O’, crimson child, o’ sorcerer’s bane, lift up thy blade and call out thy name.
Thy mane, like a flame, trails out far behind,
thy blade strikes like lightning before thunderous cry!

His birthright of blood a blessing and curse
Made him a pariah to wander the earth.
In terrible dreams a wizard ensnared them,
To feast on their souls in phantasmal gossamer.

Time weathered and scarred in desertic exile, the warrior found his home,
Declaring his love for the vagabond maiden to whom he’d pledged his sword.
In arid haunts of his desert kin, he faced his deathly past,
And upon the rolling, arid dunes she was his bride at last.

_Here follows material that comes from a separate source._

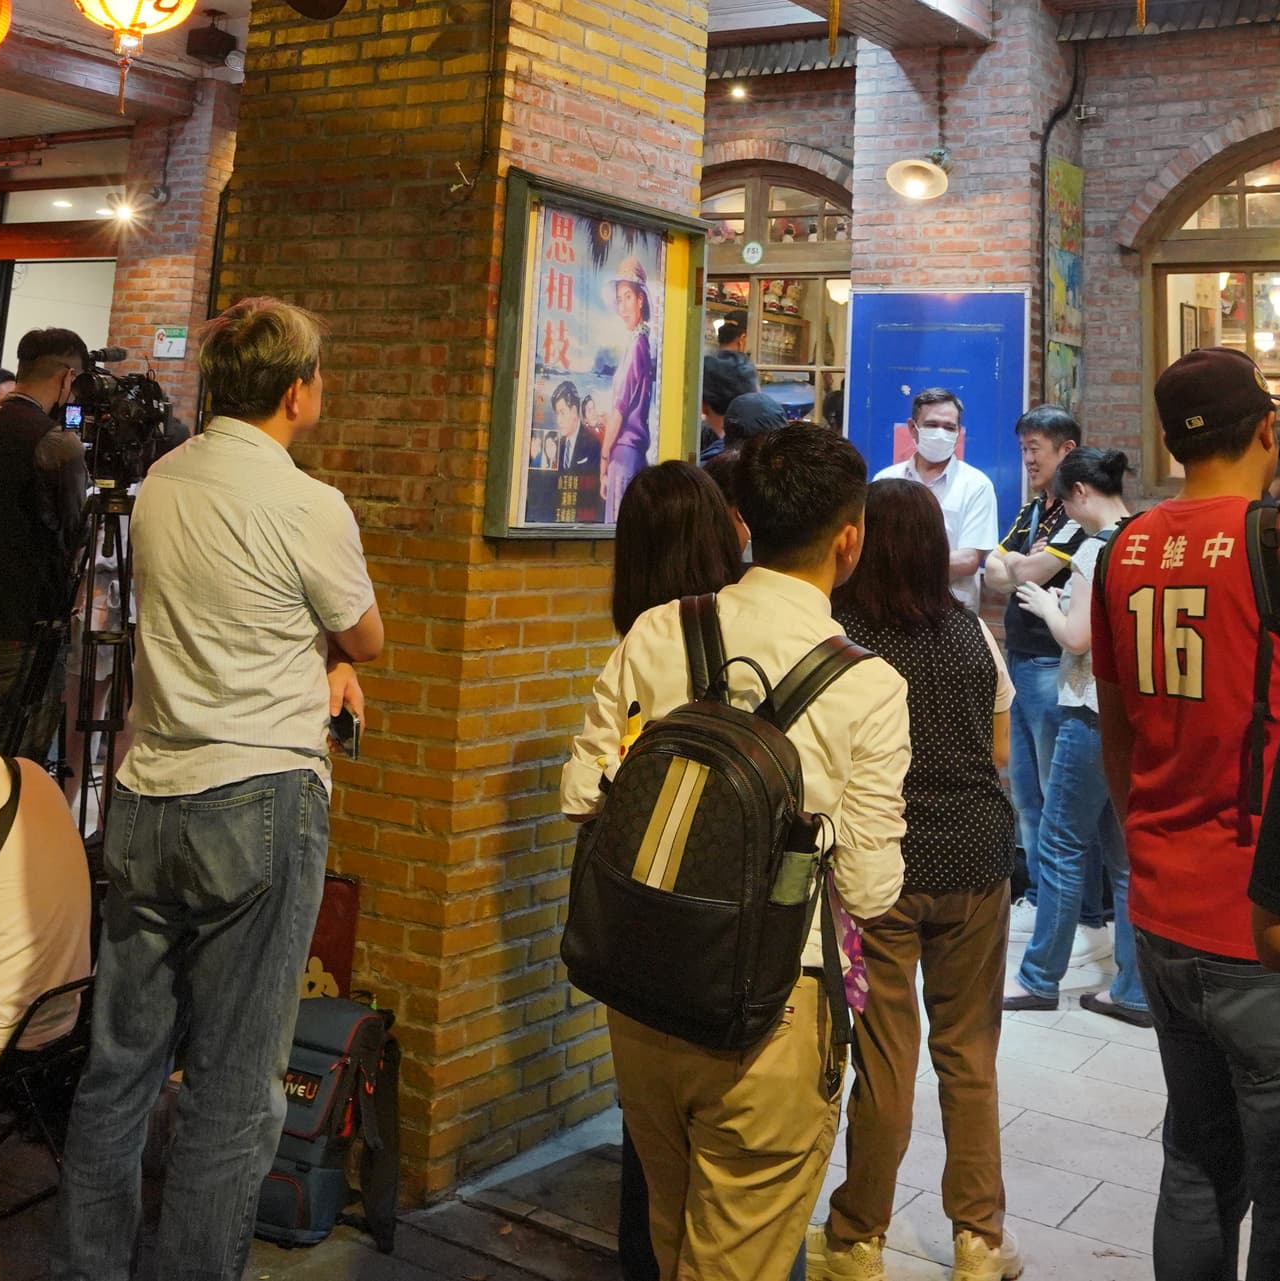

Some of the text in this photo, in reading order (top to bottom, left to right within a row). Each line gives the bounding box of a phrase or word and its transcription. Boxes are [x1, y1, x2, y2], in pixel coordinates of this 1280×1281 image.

[542, 211, 577, 370] 思相枝
[1120, 531, 1235, 570] 王維中
[1128, 584, 1208, 702] 16

They’d fain have left their war-torn shores to dwell in peaceful lands,
But bonds of vengeance drove their search for bloody recompense.
The autumn waned and winter came, and banners of war unfurled,
But in months of blood and plunder, none saw aught of lad and girl.

Then on a dismal summer eve men witnessed on the coast
They crossed the sands in ashen garb, pale and scarred as ghosts.
The warrior’s eyes once vibrant gleamed with light like moonlit silver,
And pulsed with life like lightning behind a darksome nimbus.

Yet now they dulled like ocean spray. His armor was tattered and worn,
His face was gaunt, his flesh was grey, and at the wrist his hand was shorn.
At his side, his paramour, once spry and lovely woman,
Now shrouded in an ashen veil, cradled air before her bosom.

Her youthful eyes stared softly down at emptiness in hand
As if her burden was to her the fairest treasure in the land.
She sang to it, the cradled void, and whispered to it softly.
She bore it closely to her breast and cringed beneath the moonlight.

Across the shore the echo faded of her mournful lullaby,
And in the vulture shadow of the cliffs, they vanished in the night.
The tongues of men have spun the tales of the warrior’s escapades,
They praised his valor; they cursed his fury—the child without a name.

Hero, villain, beast they named in tales from every land,
But to the wizened greybeards, the boy was but a man.